Resilience in Clinical Care: Getting a Grip on the Recovery Potential of Older Adults

Affiliations
Review

Resilience in Clinical Care: Getting a Grip on the Recovery Potential of Older Adults

Sanne M W Gijzel et al. J Am Geriatr Soc. 2019 Dec.

Abstract

Background: Geriatricians are often confronted with unexpected health outcomes in older adults with complex multimorbidity. Aging researchers have recently called for a focus on physical resilience as a new approach to explaining such outcomes. Physical resilience, defined as the ability to resist functional decline or recover health following a stressor, is an emerging construct.

Methods: Based on an outline of the state-of-the-art in research on the measurement of physical resilience, this article describes what tests to predict resilience can already be used in clinical practice and which innovations are to be expected soon.

Results: An older adult's recovery potential is currently predicted by static tests of physiological reserves.

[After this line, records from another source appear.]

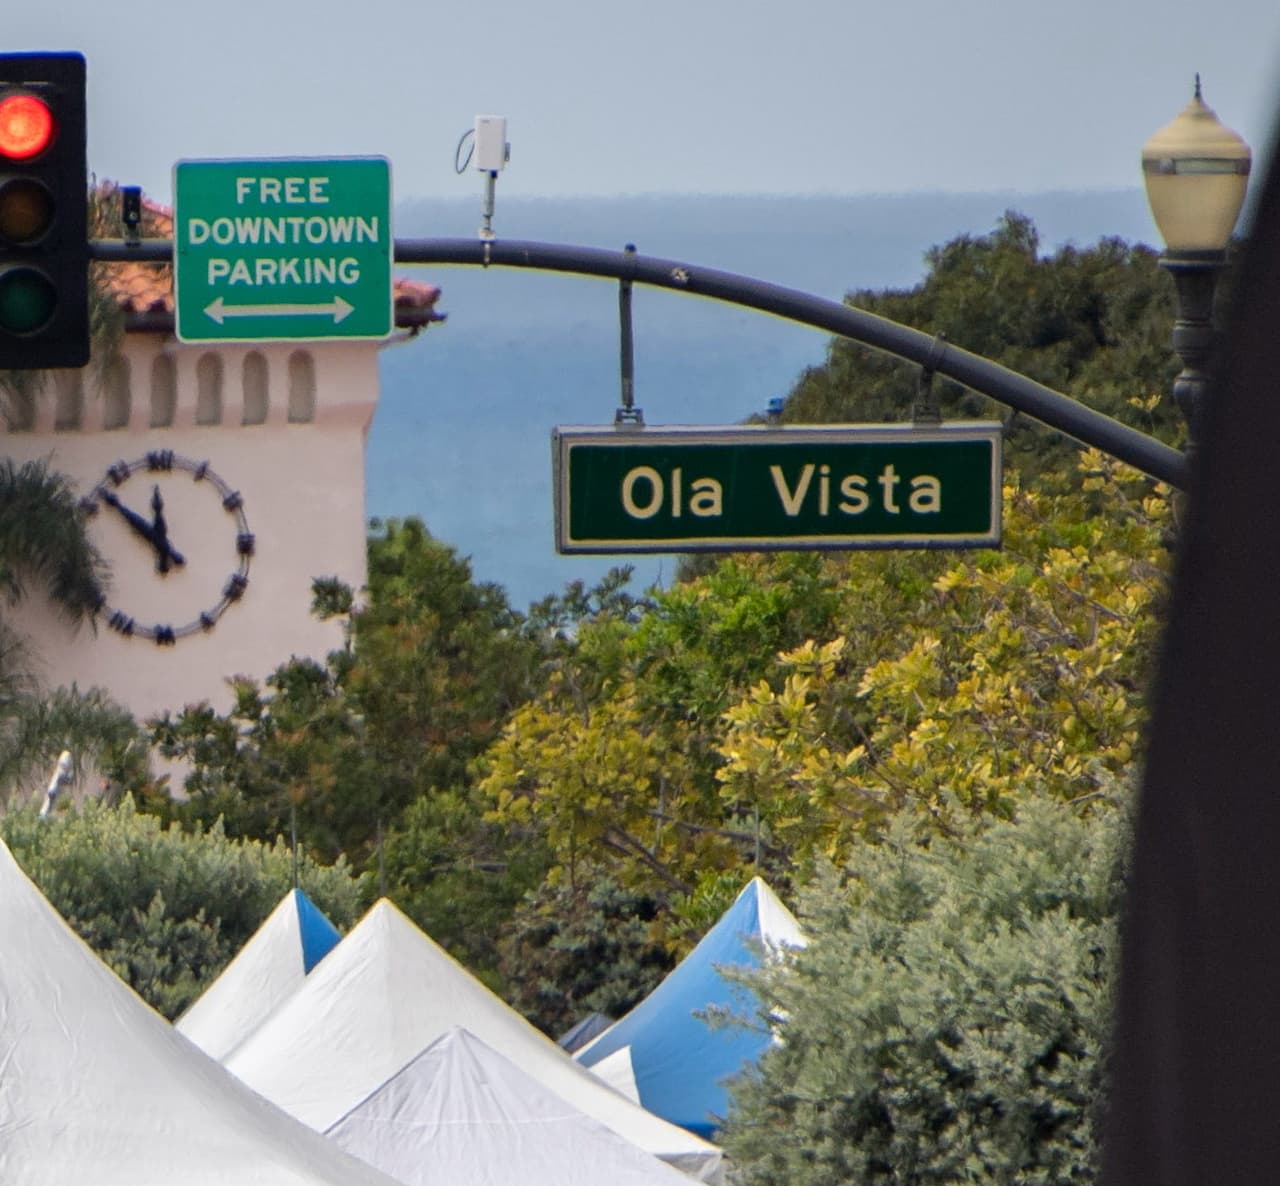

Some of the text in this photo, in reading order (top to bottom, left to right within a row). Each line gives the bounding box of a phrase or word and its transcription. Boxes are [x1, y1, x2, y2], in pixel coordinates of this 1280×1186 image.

[236, 177, 329, 204] FREE
[188, 216, 379, 245] DOWNTOWN
[207, 257, 360, 285] PARKING
[621, 463, 941, 520] Ola Vista
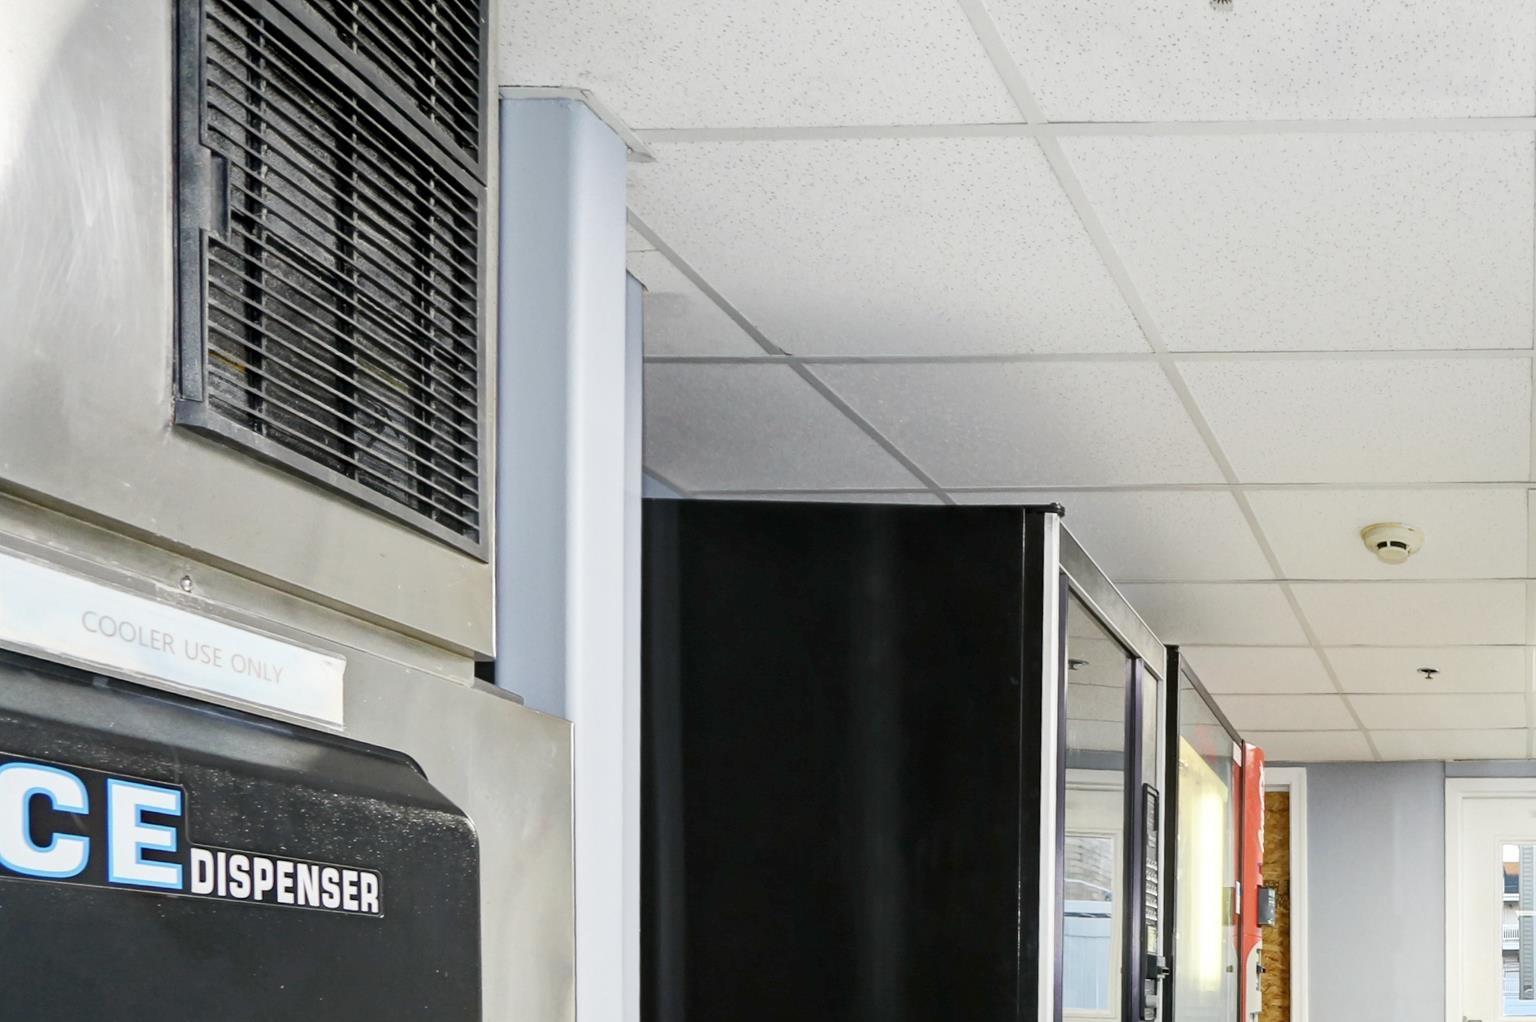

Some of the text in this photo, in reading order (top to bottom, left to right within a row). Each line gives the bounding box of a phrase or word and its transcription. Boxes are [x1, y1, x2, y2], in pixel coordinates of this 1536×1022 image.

Although geriatric medicine typically adopts a multidisciplinary view of the patient and implicitly performs resilience management to a certain extent, clinical management of older adults can benefit from explicitly applying the dynamical concept of resilience. Two crucial leads for advancing our capacity to measure and manage the resilience of individual patients are advocated: first, performing multiple repeated measurements around a stressor can provide insight about the patient's dynamic responses to stressors; and, second, linking psychological and physiological subsystems, as proposed by network studies on resilience, can provide insight into dynamic interactions involved in a resilient response.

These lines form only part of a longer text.